Vous devez savoir que le duc Jean de Lancastre et son frère le duc d’Yorch, quoique ils fussent là venus, avoient leur charge du roi d’Angleterre et du conseil, tellement que pour nul traité proposé ni à proposer ils n’y pouvoient rien prendre ni mettre. Plusieurs gens ne voudroient point croire ce que je vous dirai. Il est ainsi que toute la communauté d’Angleterre s’incline toujours et est inclinée plus à la guerre que à la paix ; car du temps du bon roi Édouard de bonne mémoire et son fils le prince de Galles, ils eurent tant de belles et hautes victoires sur les François et tant de grands conquêts et rançons et de rachats de villes et de châteaux, que les povres en étoient devenus riches, et ceux qui n’étoient pas gentils hommes de nativité, par eux aventurer hardiment et vaillamment ès guerres, avoient tant conquêté que, par puissance d’or et d’argent, ils étoient anoblis ; et vouloient les autres qui venoient ensuivir cette vie, quoique depuis le temps du roi Édouard et de son fils, le prince de Galles, par le fait et emprise de messire Bertrand de Glayquin et de plusieurs autres bons chevaliers de France, si comme il est contenu en notre histoire ci derrière, les Anglois étoient moult reculés et reboutés.

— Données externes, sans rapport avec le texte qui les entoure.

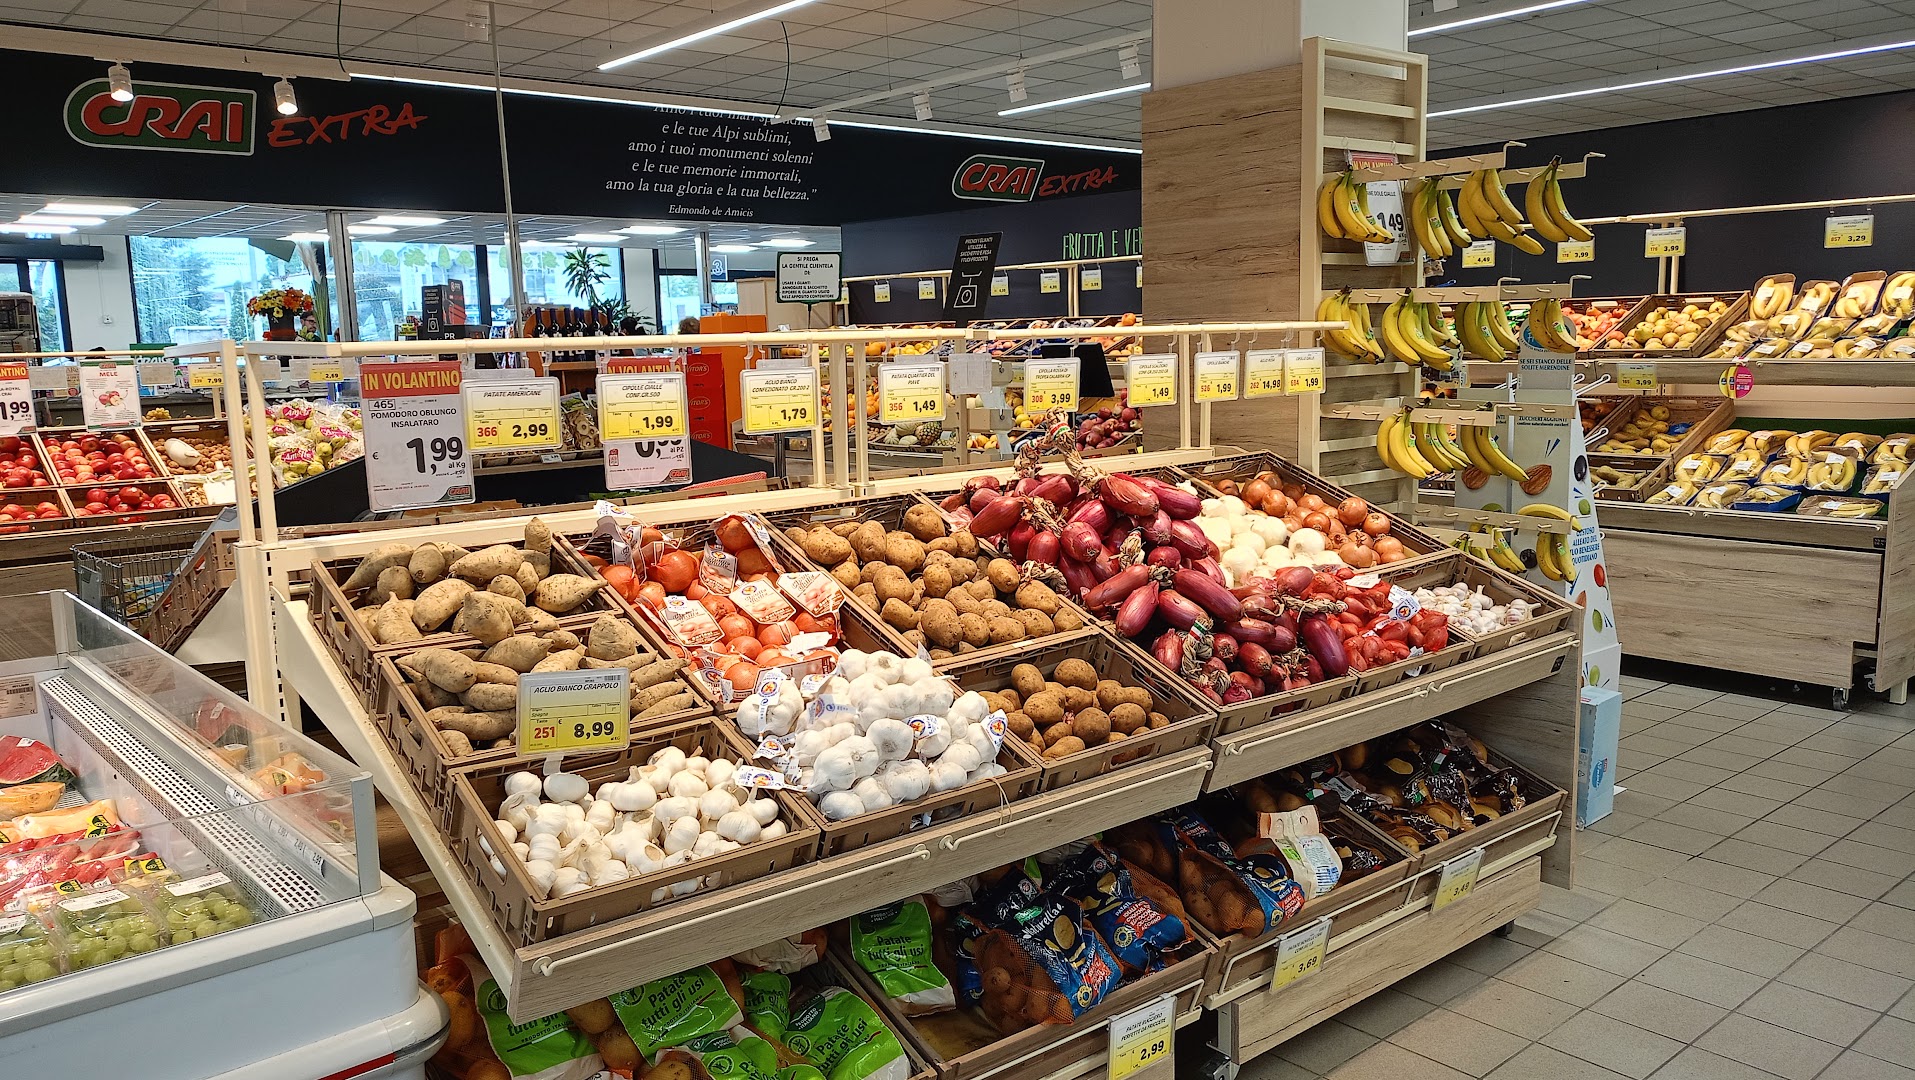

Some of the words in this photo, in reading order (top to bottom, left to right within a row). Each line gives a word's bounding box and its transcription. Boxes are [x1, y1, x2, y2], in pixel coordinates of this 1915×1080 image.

Le duc de Glocestre mains-né fils du roi Édouard, s’inclinoit assez à l’opinion de la communauté d’Angleterre et d’aucuns princes, chevaliers et écuyers d’Angleterre qui désiroient la guerre pour soutenir leur état ; et pour ce étoient les différends et les traités de paix trop forts à faire et à trouver, quoique le roi le voulsist bien et le duc de Lancastre. Et par leur promotion, encore étoient ces journées de parlement de paix assignées et ordonnées en la cité d’Amiens ; mais au fort ils n’osassent courroucer la communauté d’Angleterre. Bien vouloient les Anglois paix, mais que on leur restituât toutes les terres données et accordées au traité de la paix fait à Bretigny devant Chartres, et que les François payassent quatorze cent mille francs, qui étoient demeurés à payer, quand ils renouvelèrent la guerre.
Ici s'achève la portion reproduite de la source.